L’ampio volto di Burcan si tinse di rosso per l’ira.
— Allora pronuncerò un voto — ringhiò di rimando. — Se non potrà averti mio figlio, non ti avrà nessun altro uomo, e questo vale anche per tua sorella. Se sarò costretto, reclamerò le vostre terre in base al diritto che viene dalla vittoria di una faida di sangue.
— Dimentichi dove ti trovi, mio signore! — scattò Ardda. — Ti proibisco di rimanere per un altro minuto sulle terre del tempio. Prendi i tuoi uomini e vattene senza formulare altre minacce contro chi adora la Dea.
Burcan esitò per un momento, poi scrollò le spalle e girò il cavallo. Gridando una serie di ordini raccolse i suoi uomini e si ritirò sulla pubblica strada ai piedi della collina. Gweniver serrò i pugni fino a farli dolere nel vedere gli uomini della banda di guerra che si sparpagliavano sul prato sul lato opposto della strada, da un punto di vista tecnico fuori dalle terre che fornivano sostentamento al tempio, ma comunque in ottima posizione per sorvegliarlo.

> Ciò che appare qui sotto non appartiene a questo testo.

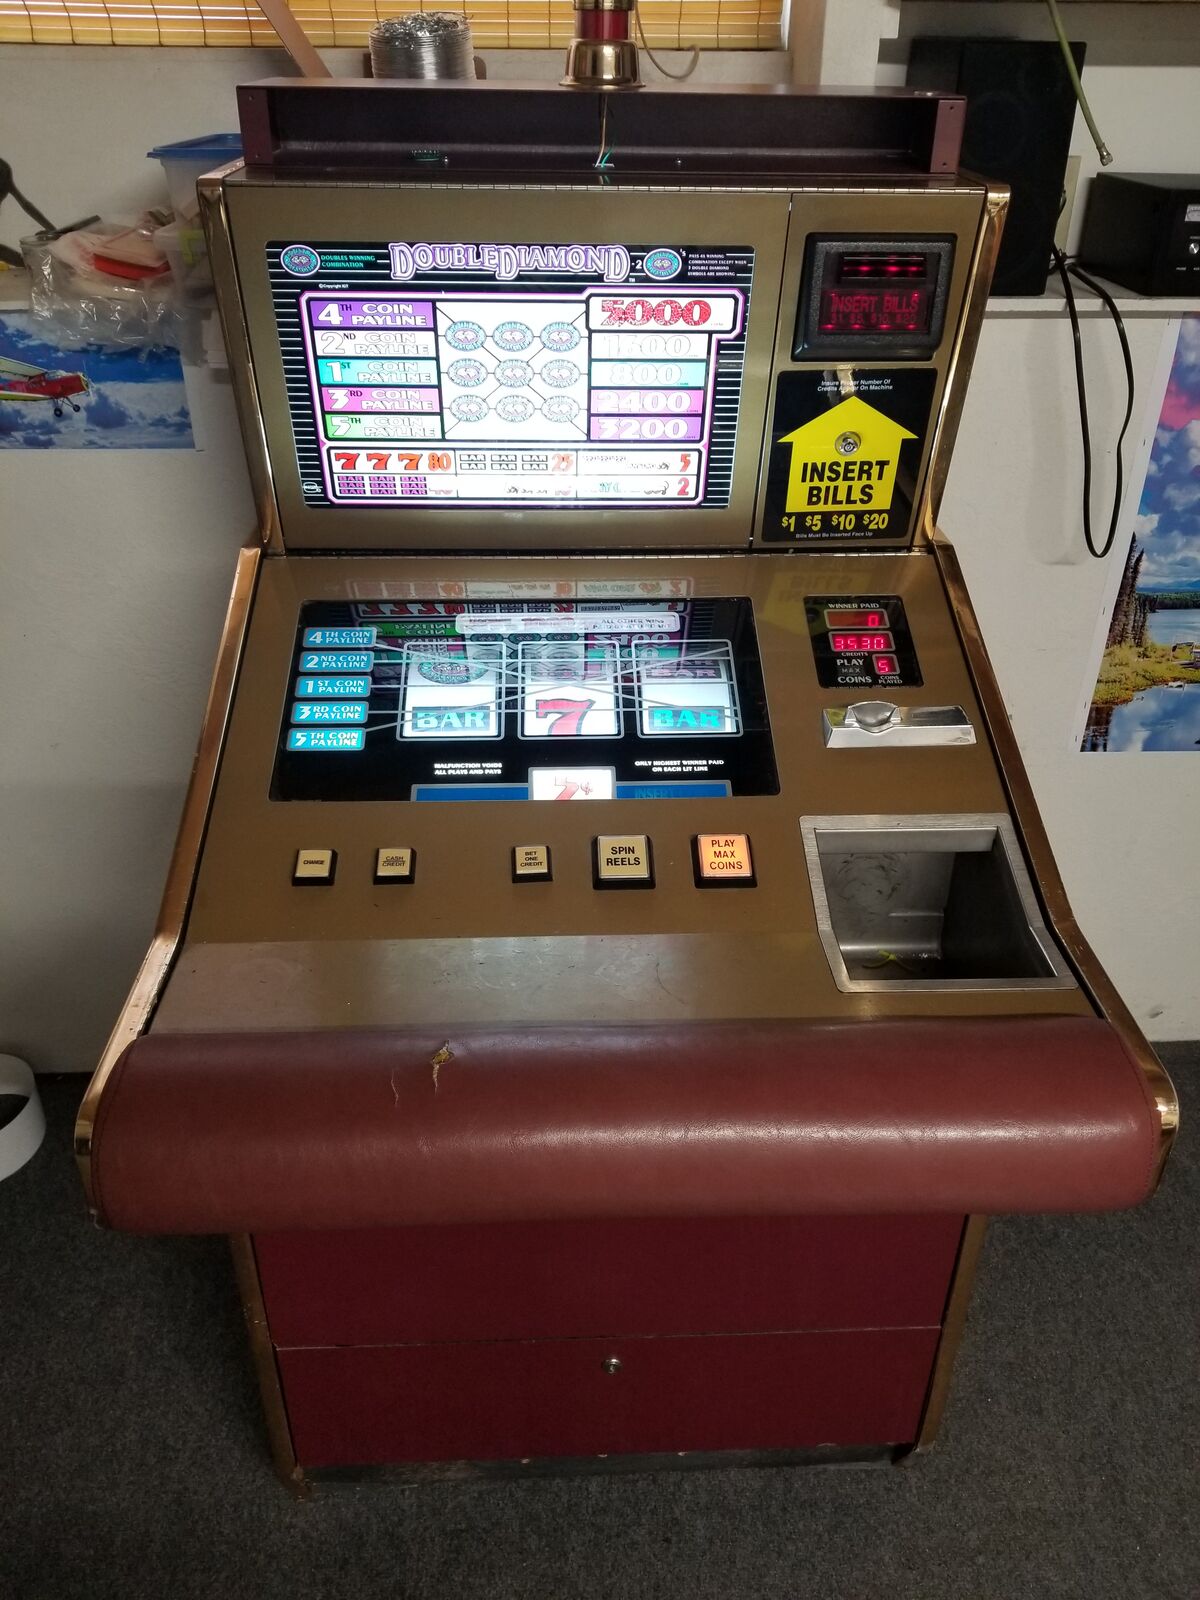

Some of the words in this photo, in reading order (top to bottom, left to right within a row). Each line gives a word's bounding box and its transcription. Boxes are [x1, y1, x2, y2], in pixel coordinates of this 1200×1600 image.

[361, 303, 414, 314] COIN
[832, 295, 878, 312] INSERT
[883, 294, 919, 312] BILLS
[600, 299, 712, 326] 5000
[352, 315, 427, 326] PAYLINE
[364, 332, 417, 344] COIN
[354, 344, 430, 355] PAYLINE
[368, 361, 419, 372] COIN
[357, 372, 432, 384] PAYLINE
[610, 364, 682, 385] 800
[370, 389, 420, 400] COIN
[361, 400, 434, 410] PAYLINE
[597, 391, 692, 412] 2400
[373, 416, 423, 426] COIN
[364, 426, 436, 437] PAYLINE
[598, 418, 688, 438] 3200
[334, 452, 360, 470] 7
[366, 452, 392, 470] 7
[398, 453, 423, 470] 7
[428, 452, 452, 471] 80
[680, 454, 692, 472] 5
[801, 460, 890, 483] INSERT
[677, 477, 690, 496] 2
[806, 484, 874, 506] BILLS
[782, 516, 796, 532] $1
[806, 514, 822, 531] $5
[832, 514, 856, 530] $10
[862, 513, 889, 530] $20
[868, 614, 879, 627] 0
[836, 658, 864, 666] PLAY
[878, 660, 888, 672] 5
[838, 676, 872, 684] COINS
[416, 711, 486, 728] BAR
[653, 708, 720, 728] BAR
[536, 698, 596, 735] 7
[712, 840, 736, 848] PLAY
[610, 846, 636, 855] SPIN
[714, 850, 736, 858] MAX
[606, 857, 640, 866] REELS
[710, 860, 743, 870] COINS
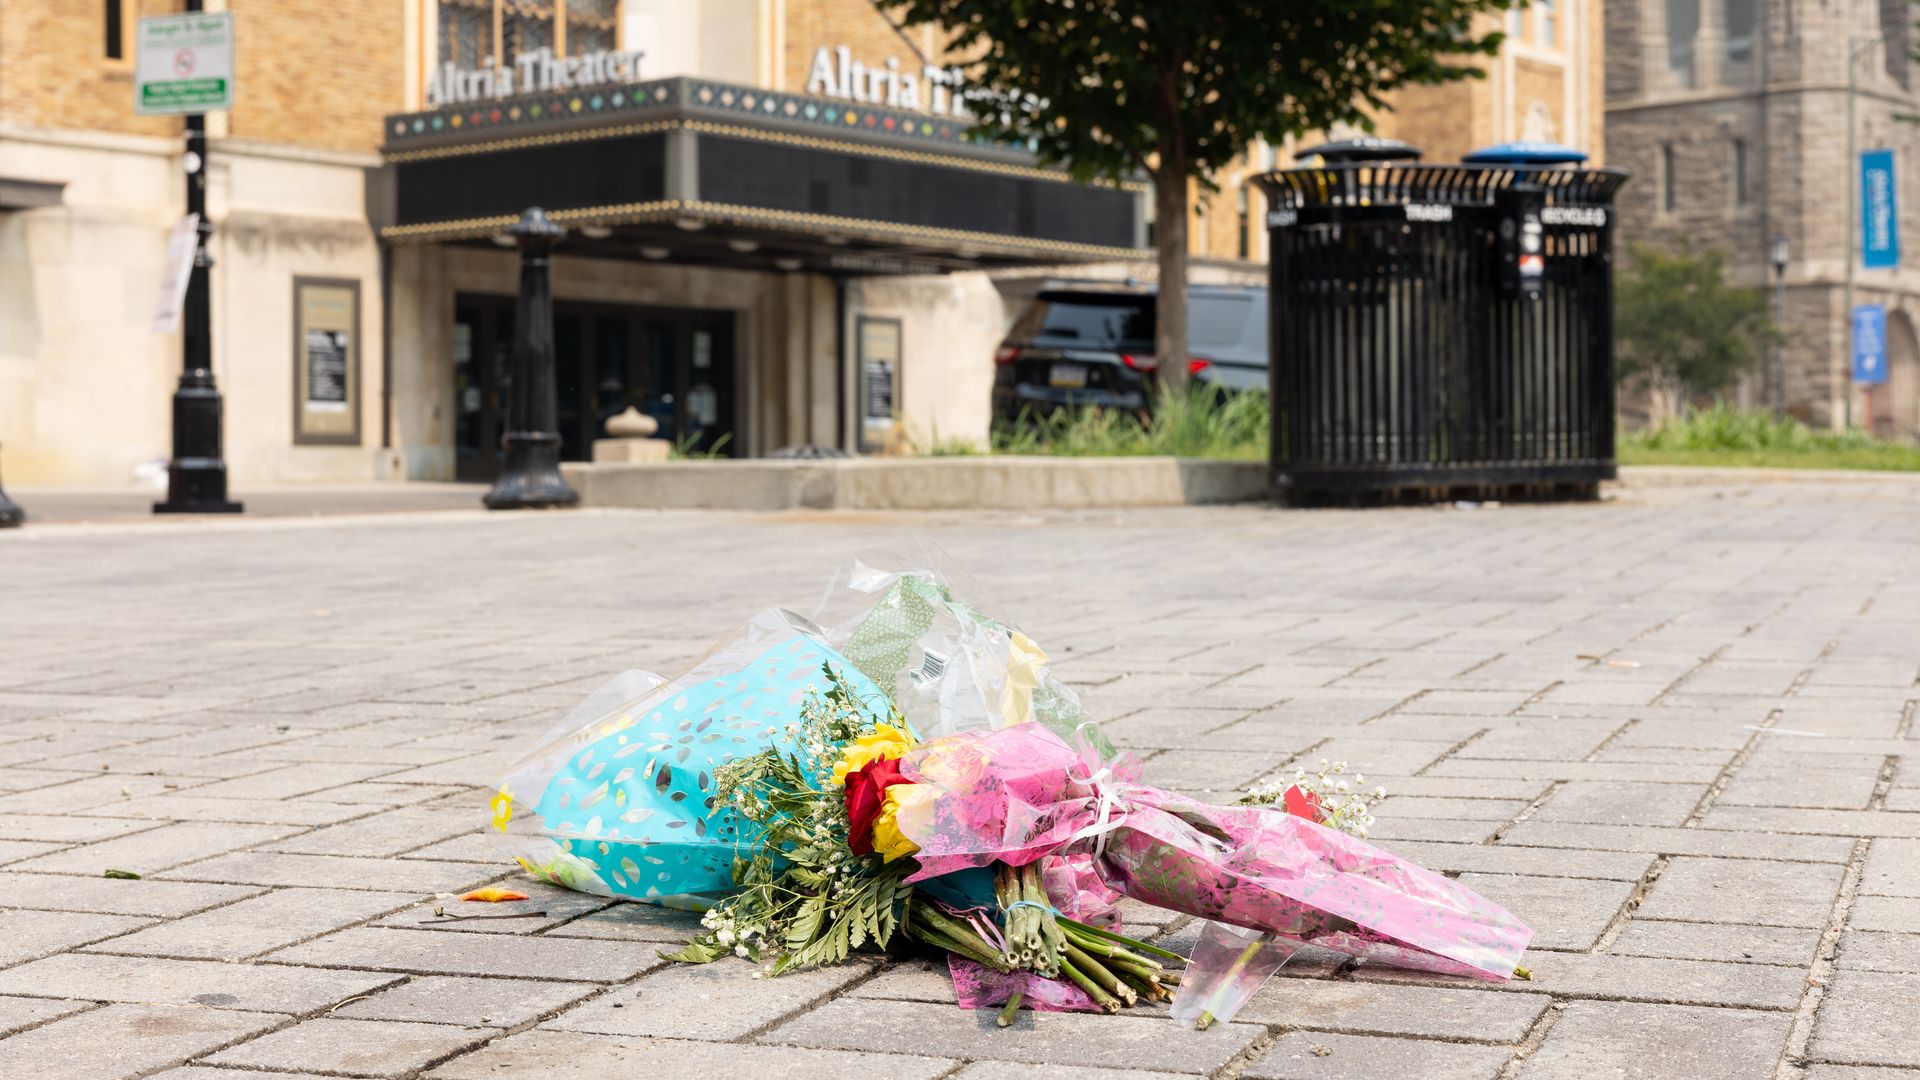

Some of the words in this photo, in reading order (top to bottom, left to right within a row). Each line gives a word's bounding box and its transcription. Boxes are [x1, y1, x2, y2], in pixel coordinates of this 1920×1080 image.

[428, 57, 514, 105] Altria
[515, 47, 644, 94] Theater
[806, 45, 921, 112] Altria
[1403, 204, 1453, 222] TRASH

— Non potranno restare là per sempre — osservò Ardda. — Presto si dovranno recare a Dun Deverry per adempiere ai doveri che hanno nei confronti del loro re.
— Hai ragione, ma scommetto che resteranno qui il più a lungo possibile.
Ardda sospirò, appoggiandosi ai bastioni, e di colpo parve molto vecchia e molto stanca.
La guerra civile aveva avuto origine ventiquattro anni prima, quando il Sommo Re era morto senza un erede maschio e sua figlia, una ragazzina dalla salute cagionevole, era morta a sua volta poco tempo dopo. Ciascuna delle tre sorelle del re aveva però avuto dei figli da un marito di rango elevato. Le tre donne erano rispettivamente sposate al Gwerbret di Cerrmor, al Gwerbret di Cantrae e al Principe del Regno di Eldidd. Secondo la legge, il trono sarebbe dovuto passare al figlio primogenito della sorella più anziana, sposata al Gwerbret di Cantrae, che però era fortemente sospettato di aver avvelenato tanto il re quanto la principessa per poter reclamare il trono per suo figlio. Il Gwerbret di Cerrmor aveva ingigantito quei sospetti al fine di garantire il trono al proprio erede e a quel punto il Principe di Eldidd aveva avanzato a sua volta delle pretese sul trono, basandole sul fatto che suo figlio era doppiamente di sangue reale. Dal momento che il padre di Gweniver non si sarebbe mai schierato con uno straniero di Eldidd, il clan del Lupo aveva fatto la sua scelta quando l’odiato clan del Cinghiale si era schierato con Cantrae.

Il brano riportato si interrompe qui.